The opinion stated that the Gift Card could influence the patient to select the Laboratory’s services and, as such, could also trigger a violation of the AKS. “From an anti-kickback perspective, the chief concern is whether an arrangement to induce patients to obtain preventive care services is intended to induce other business payable by a Federal health care program.”[2] However, the Laboratory’s proposal presents a minimal risk of fraud and abuse under the AKS considering several factors. First, the Proposed Arrangement is unlikely to lead to improperly increased costs to Federal health care programs or overutilization of federally reimbursable services as Requestors would not offer any incentives to Prescribers in connection with the Proposed Arrangement, and a Prescriber would not be able to anticipate whether Requestors would offer or provide a Gift Card to any patient for whom the Prescriber orders the Test.  So, the Proposed Arrangement is unlikely to influence a Prescriber to order the Test in lieu of not ordering a test or ordering another screening test or procedure. The test is reimbursable at a fixed rate, therefore, there is no increased cost to Federal health care programs, since the cost of any Gift Cards are not directly or indirectly passed onto the programs. Secondly, the Proposed Arrangement would promote patient compliance with a screening test in a situation where a patient might not otherwise comply with a Prescriber’s order for the Test. Lastly, the Proposed Arrangement contains certain other safeguards that reduce the risk of fraud and abuse, such as no patient is offered or provided a Gift Card if they have received one within the past 36 months, apart from a Letter there is no patient-focused promotion of the Proposed Arrangement, and there is no direct marketing to Prescribers. OIG underscored, that if any of the foregoing facts were different, a different conclusion would have likely been reached as well.

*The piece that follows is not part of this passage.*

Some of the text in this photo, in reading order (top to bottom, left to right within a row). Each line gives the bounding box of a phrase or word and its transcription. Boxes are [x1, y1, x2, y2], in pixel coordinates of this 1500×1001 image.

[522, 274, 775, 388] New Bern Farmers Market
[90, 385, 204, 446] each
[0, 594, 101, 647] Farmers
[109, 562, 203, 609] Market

In conclusion, based on the relevant facts provided in the request for an advisory opinion and supplemental submissions, the OIG determined that even though the Proposed Arrangement if undertaken would instigate a violation of the Beneficiary Inducements CMP and Federal Anti-Kickback statute the OIG would not impose administrative sanctions on Requestors.

Limitations

  • The advisory opinion is limited in scope to the Proposed Arrangement and does not apply to any other arrangements disclosed or referenced in the request.
  • The advisory opinion is only for the benefit of the Requestors and cannot be relied upon by any other person.
  • The advisory opinion applies only to the specific statutory provisions addressed in the analysis and does not address any other laws that may be applicable to the Proposed Arrangement.
  • The advisory opinion is subject to additional limitations set forth in 42 C.F.R. Part 1008.

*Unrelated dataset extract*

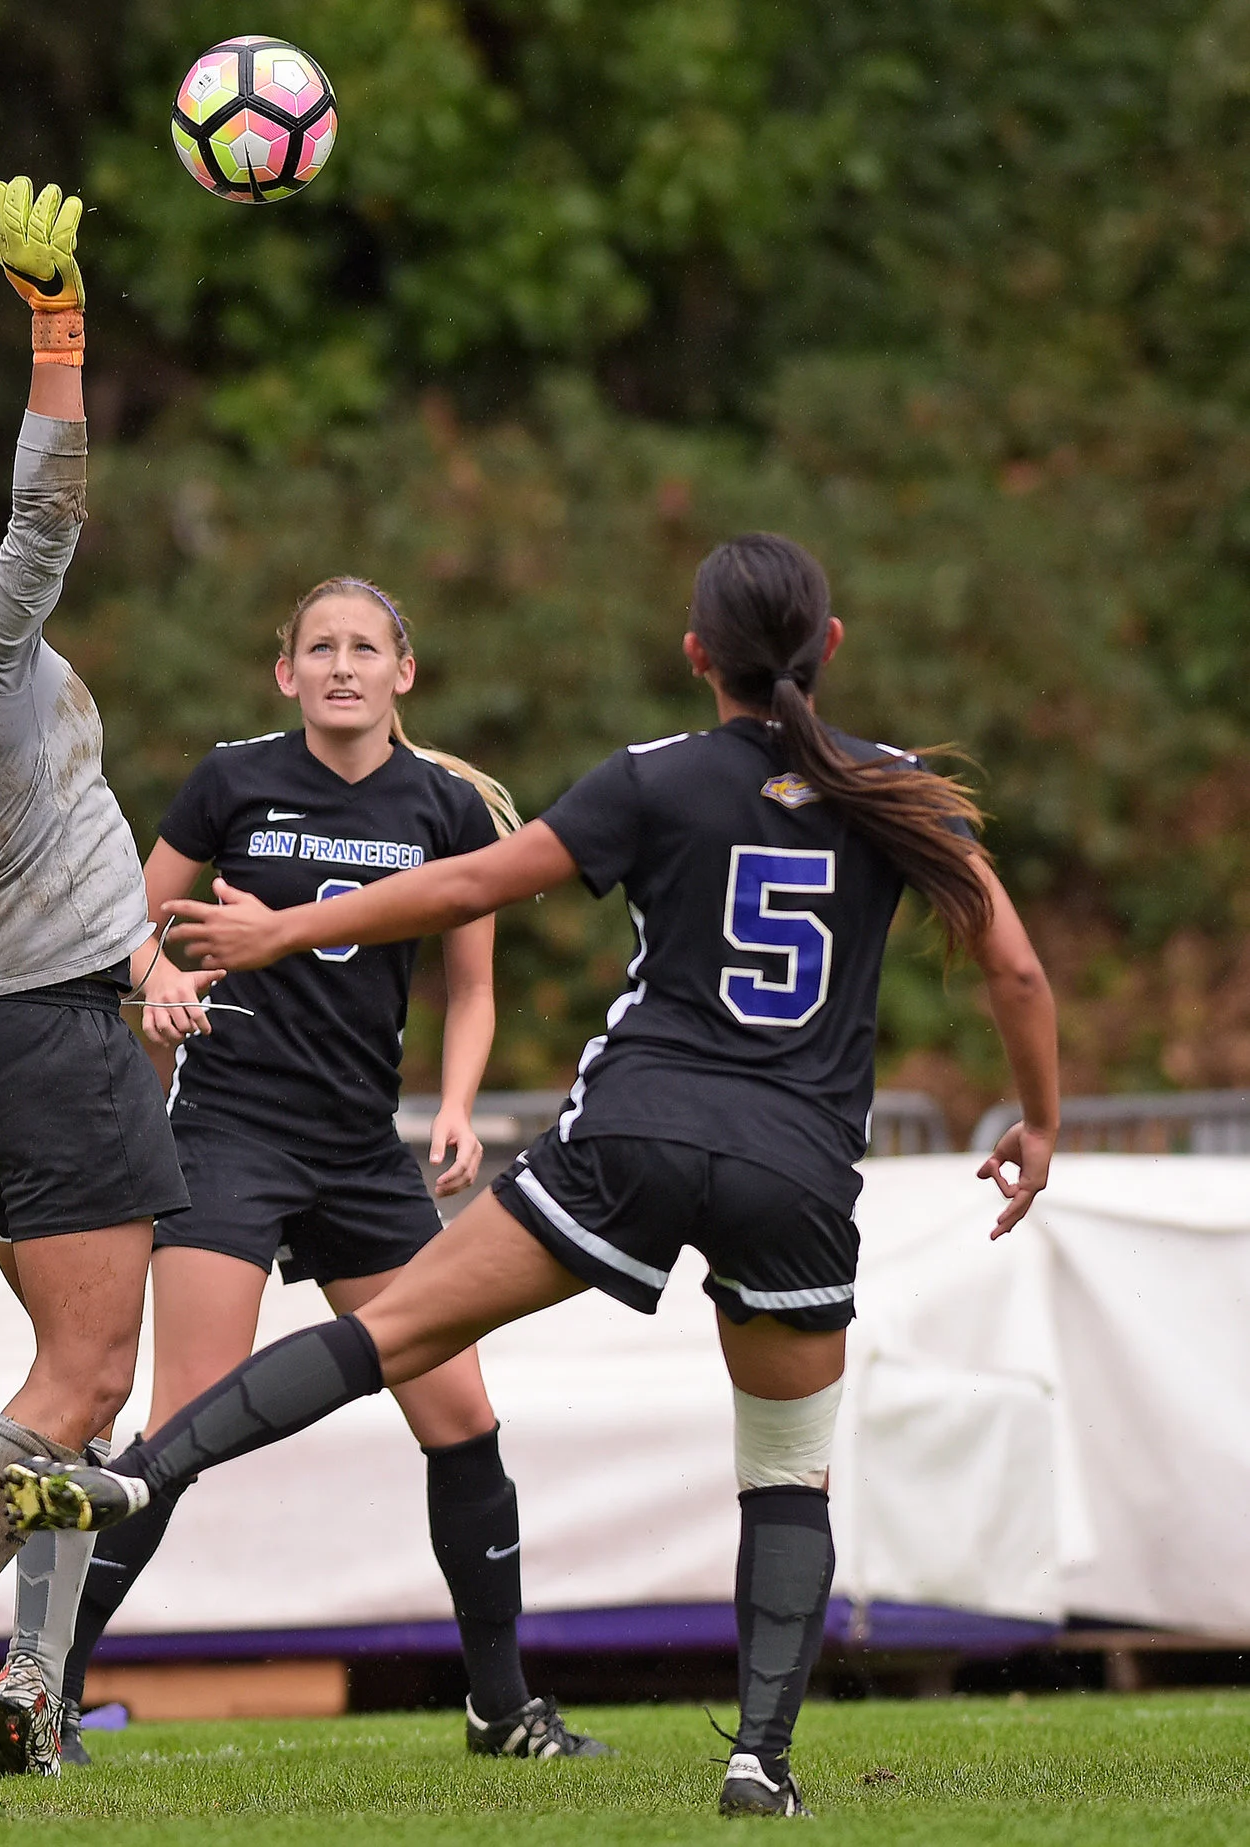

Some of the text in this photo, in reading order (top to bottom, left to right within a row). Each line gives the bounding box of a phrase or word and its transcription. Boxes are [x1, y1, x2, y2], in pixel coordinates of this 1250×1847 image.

[248, 831, 423, 870] SAN FRANCISCO
[719, 845, 835, 1028] 5

_______________________________________________________

Vasilios J. (Bill) Kalogredis, Esq. has been exclusively advising physicians, dentists, and other health care professionals and their businesses as to contractual, regulatory and transactional matters for over 45 years. He is Chairman of Lamb McErlane PC’s Health Law Department. bkalogredis@lambmcerlane.com. 610-701-4402.

*Artyom (Art) Sharbatyan, Esq. contributed to this article. Art has extensive real life practical experience in the healthcare field with particular concentration in dental practice groups. He represents healthcare providers in their business and legal needs at Lamb McErlane, PC’s Health Law Department. asharbatyan@lambmcerlane.com; 610-701-4416.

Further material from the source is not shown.